Triskele Lit Fest: Sept 17, London

Pop-up bookshop, genre panels, Preserving the Unicorn, Human Library, goodie bags and non-stop booktalk.

This is not ‘talking about diversity’. This is being diverse.

Authors are invited to talk about their work – regardless of publishing route or ethnicity – readers are invited to add their opinions. This is for writers and readers, publishers and booksellers.

Rumour is, there’ll be a party too.

 

Creative Spark

Photo0030Sharpen your pencils, writerly sorts.

We have TEN weeks of creative writing exercises from expert tutors at your disposal.

Free. Yes, seriously free. No sign-up, no cash, no email address, this is open access.

And it is an imagination workout from some of the best international tutors there are. Drum roll…

Emma Darwin, Tracey Warr, Roz Morris, Jo Furniss, Amanda Hodgkinson, Lindsey Grant, Jessica Bell, Karen Pegg, Laurence O’Bryan and Triskele Books on all aspects of writing technique.

Starts July 1st and subsequent Fridays.

Join in, comment, share your results (if you like) and flex those writerly muscles.

 

The Woolf

partial-image-courtesy-paul-neale

Zürich’s cultural quarterly changes with the seasons.

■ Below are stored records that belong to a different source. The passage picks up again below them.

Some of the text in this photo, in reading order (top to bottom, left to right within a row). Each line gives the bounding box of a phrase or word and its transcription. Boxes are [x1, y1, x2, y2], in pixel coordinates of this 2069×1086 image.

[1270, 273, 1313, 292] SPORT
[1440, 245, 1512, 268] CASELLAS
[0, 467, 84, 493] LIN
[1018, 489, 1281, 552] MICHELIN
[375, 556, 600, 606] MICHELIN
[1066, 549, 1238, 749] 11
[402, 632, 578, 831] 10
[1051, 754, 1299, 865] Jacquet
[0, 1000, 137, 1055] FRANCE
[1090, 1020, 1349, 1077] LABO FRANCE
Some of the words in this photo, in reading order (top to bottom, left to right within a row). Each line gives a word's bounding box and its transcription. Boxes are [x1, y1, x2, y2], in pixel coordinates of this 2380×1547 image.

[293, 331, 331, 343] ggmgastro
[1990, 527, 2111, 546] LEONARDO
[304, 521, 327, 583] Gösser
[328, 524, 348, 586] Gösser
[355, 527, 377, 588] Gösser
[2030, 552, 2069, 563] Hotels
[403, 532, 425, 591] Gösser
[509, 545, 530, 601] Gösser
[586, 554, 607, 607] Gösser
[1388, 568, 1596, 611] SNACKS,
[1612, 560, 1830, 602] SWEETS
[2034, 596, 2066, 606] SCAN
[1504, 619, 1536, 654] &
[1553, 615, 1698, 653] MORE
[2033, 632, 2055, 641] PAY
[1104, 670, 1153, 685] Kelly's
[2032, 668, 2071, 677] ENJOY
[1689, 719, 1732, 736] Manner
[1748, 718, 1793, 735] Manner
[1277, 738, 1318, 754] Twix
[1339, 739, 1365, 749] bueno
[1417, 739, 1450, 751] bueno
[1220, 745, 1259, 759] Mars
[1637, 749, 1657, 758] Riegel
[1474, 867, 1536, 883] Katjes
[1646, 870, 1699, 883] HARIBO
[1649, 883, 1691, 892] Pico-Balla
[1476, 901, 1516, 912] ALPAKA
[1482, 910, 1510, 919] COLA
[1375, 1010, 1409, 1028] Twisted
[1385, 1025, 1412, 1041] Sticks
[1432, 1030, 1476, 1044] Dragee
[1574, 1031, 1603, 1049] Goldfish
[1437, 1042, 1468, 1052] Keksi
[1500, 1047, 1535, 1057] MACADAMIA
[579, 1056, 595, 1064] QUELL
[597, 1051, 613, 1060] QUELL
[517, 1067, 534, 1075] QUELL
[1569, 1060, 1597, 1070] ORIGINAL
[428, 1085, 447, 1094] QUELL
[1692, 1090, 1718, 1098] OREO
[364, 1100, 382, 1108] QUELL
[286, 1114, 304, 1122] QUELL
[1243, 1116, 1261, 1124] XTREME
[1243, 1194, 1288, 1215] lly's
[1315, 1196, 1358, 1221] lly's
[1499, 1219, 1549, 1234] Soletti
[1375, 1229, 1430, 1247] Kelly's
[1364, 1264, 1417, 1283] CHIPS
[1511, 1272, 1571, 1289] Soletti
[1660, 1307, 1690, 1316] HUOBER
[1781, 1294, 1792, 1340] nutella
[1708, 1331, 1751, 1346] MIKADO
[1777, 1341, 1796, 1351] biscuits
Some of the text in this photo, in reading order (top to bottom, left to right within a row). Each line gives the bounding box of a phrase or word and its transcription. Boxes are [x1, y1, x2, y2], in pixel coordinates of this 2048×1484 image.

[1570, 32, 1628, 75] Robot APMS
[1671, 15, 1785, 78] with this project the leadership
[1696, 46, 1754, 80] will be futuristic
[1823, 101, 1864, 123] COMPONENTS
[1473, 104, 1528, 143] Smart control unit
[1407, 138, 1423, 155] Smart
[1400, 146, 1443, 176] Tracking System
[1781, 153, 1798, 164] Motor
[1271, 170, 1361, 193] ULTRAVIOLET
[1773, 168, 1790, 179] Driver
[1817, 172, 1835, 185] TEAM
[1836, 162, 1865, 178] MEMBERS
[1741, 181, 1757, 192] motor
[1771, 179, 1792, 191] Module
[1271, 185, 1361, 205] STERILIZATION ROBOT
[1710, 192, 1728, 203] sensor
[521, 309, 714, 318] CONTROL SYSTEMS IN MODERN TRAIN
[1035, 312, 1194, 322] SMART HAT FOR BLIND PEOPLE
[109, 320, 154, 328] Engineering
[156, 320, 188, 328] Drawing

Our next issue is themed Beginnings.

Have a look at our last issue – Borders.

And if you’d like to contribute something thinky and artistic, bring it on.

 

Unity

Can’t sign off this week’s blog without a comment. (It’s my blogpost and I’ll rant if I want to.)

All the above and more – Triskele Books, TLF, Creative Spark, The Woolf, WriteCon, Words with JAM and Bookmuse  – are the result of creative collaboration.

Collaboration is bloody hard work, often boring and frustrating, with as much energy devoted to peace-keeping as to creativity.

Sure, each of us could vote out and go it alone.

We could drop the whole thing and pursue our own egotistical agendas. Wear fake tan, go blond and thump our individual tubs.

But we don’t. We argue and discuss and get pissed/pissed off and laugh and agree and remind each of why we wanted to do this.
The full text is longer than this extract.